BIOM-51. IDENTIFICATION OF A LOW-FLIP ANGLE BASED CBV THRESHOLD FOR FRACTIONAL TUMOR BURDEN (FTB) MAPPING IN RECURRENT GLIOBLASTOMA

Abstract

Abstract INTRODUCTION Differentiation of glioblastoma recurrence from post treatment radiation effects (PTRE) would improve patient management. Dynamic susceptibility contrast (DSC) MRI can be used to generate fractional tumor burden (FTB) maps, via application of regional cerebral blood volume (RCBV) thresholds, to spatially differentiate recurrence from PTRE. FTB maps derived from a DSC-MRI protocol that includes a contrast agent preload in addition to the bolus injection and a moderate-flip angle (MFA) been histologically validated.

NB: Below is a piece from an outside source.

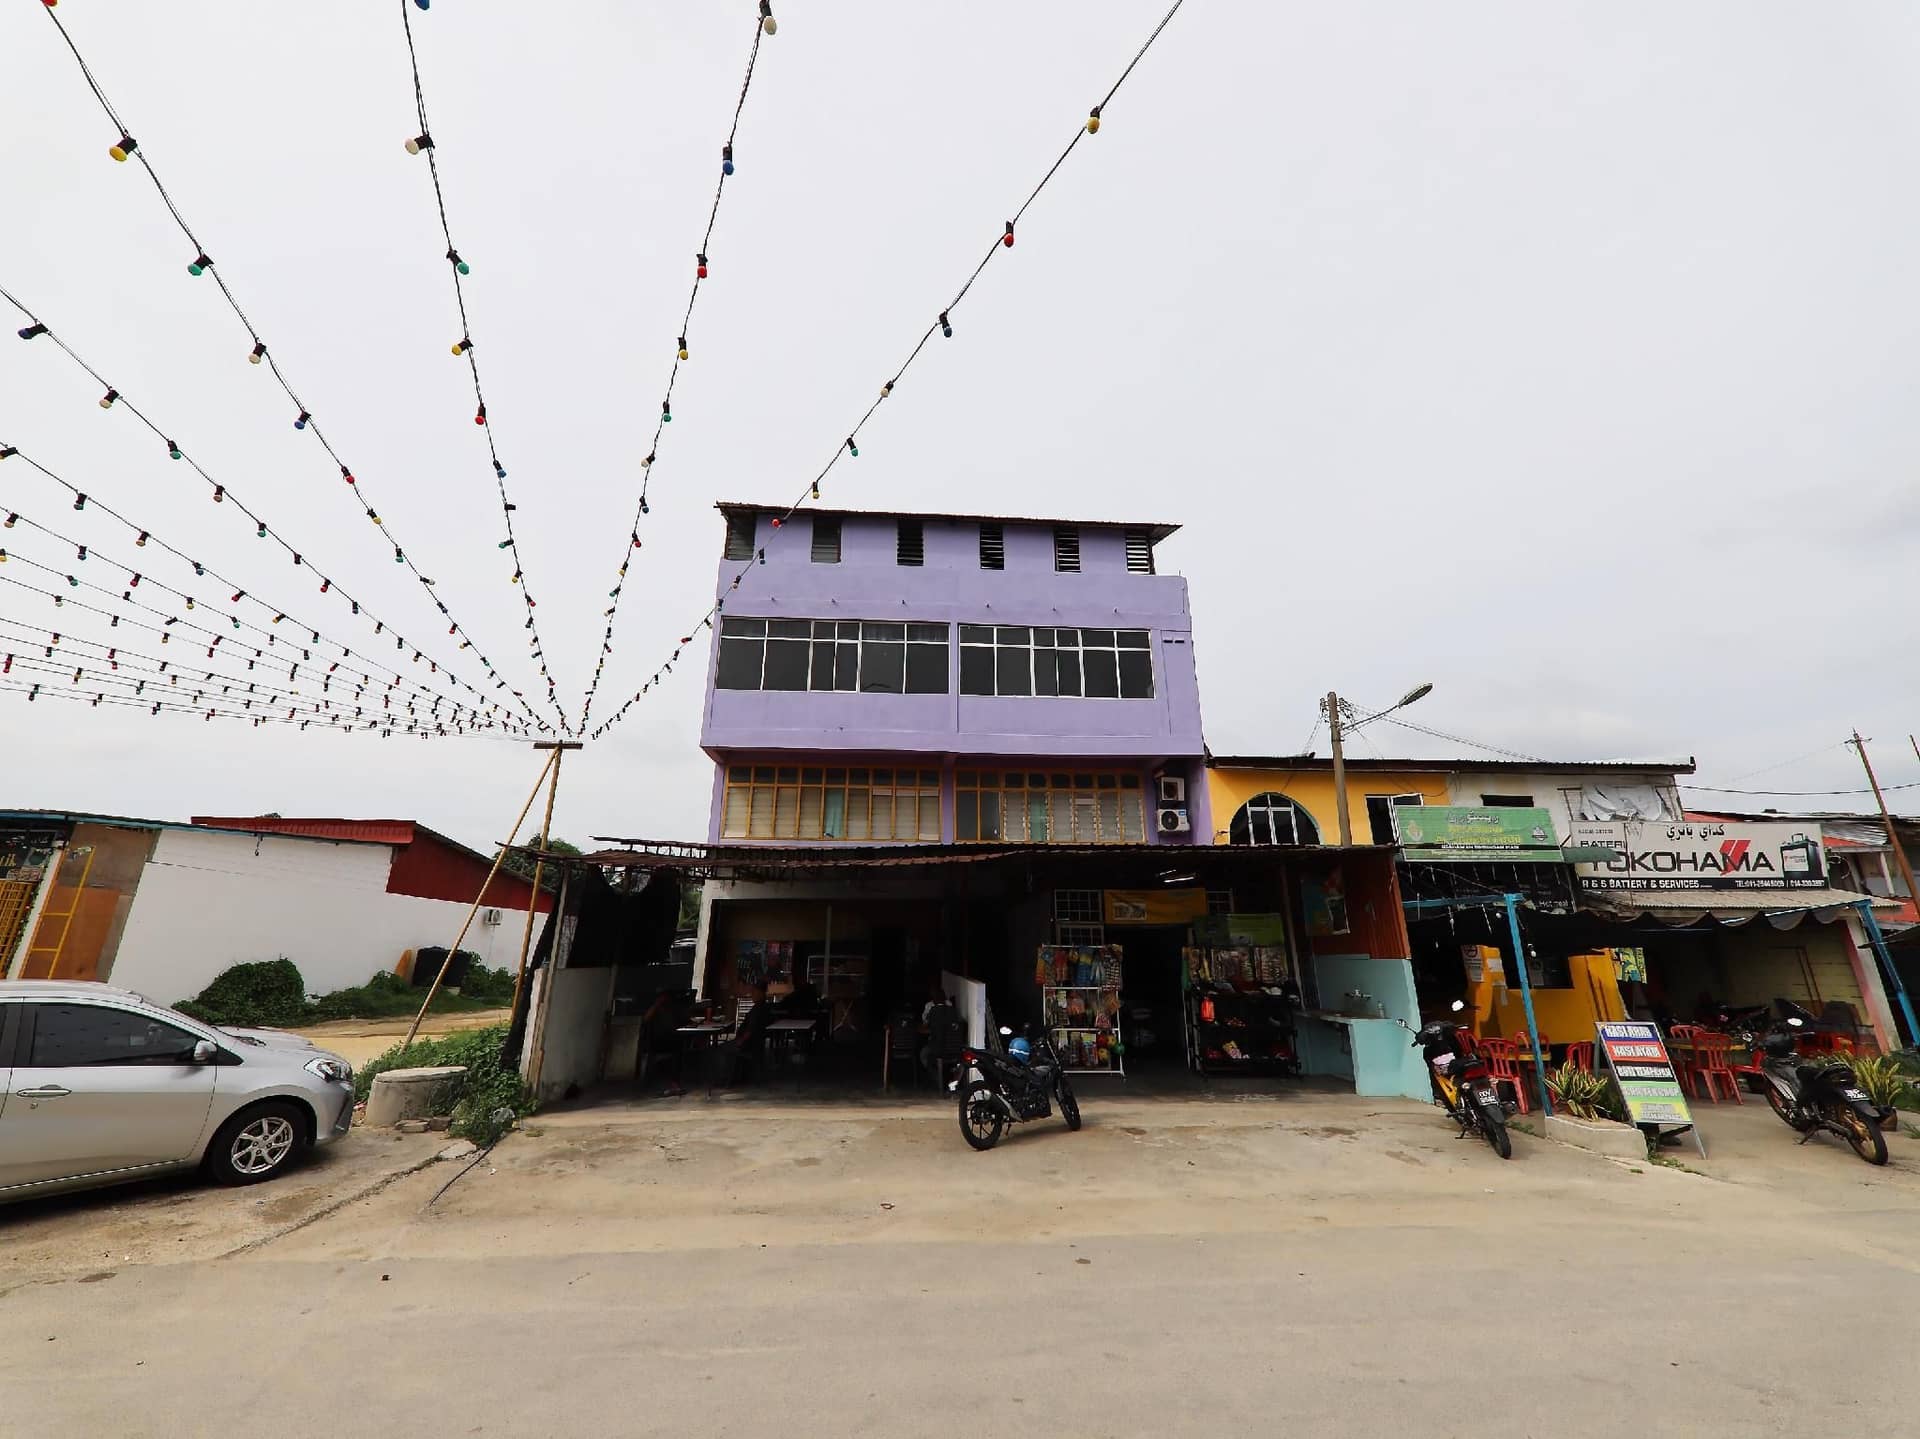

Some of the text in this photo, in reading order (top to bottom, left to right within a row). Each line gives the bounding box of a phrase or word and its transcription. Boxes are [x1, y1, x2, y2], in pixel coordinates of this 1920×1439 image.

[1610, 880, 1648, 888] BATTERY
[1650, 880, 1658, 888] &
[1660, 880, 1700, 888] SERVICES

Recently, a single-dose, low-flip angle (LFA) protocol was shown to provide RCBV measurements consistent with the MFA protocol and has been recommended as a consensus protocol. This study aims to identify the RCBV thresholds for the single-dose, LFA protocol that generates FTB maps, concordant with those obtained from the reference double-dose, MFA protocol. METHODS Two sets of DSC-MRI data were collected sequentially from 52 patients using a single-dose, low-flip angle (30o) protocol and a double-dose, moderate flip angle (60o) protocol using TR = 1.5s and TE = 30ms. Standardized RCBV maps (sRCBV) were obtained and co-registered with the post-contrast T1-weighted images using the FDA-approved clinical software, IB Neuro™ and IB Delta Suite™, respectively. The ground truth MFA-based FTB maps were computed using multiple sRCBV thresholds (1.0 and 1.75). An ROC analysis was conducted to identify the optimal, voxel-wise LFA sRCBV thresholds to produce FTB maps that best match the reference maps. RESULTS/ CONCLUSIONS The ROC analysis identified a lower LFA threshold of 1.0 to accurately distinguish PTRE from tumor recurrence and an upper threshold of 1.55 to differentiate aggressive tumor regions. The single-dose, LFA protocol eliminates variations in the contrast agent incubation time between the preload and bolus injection. This study provides motivation for the use of the single-dose LFA protocol in the management of patients with glioblastoma and is a reliable method for distinguishing tumor from PTRE.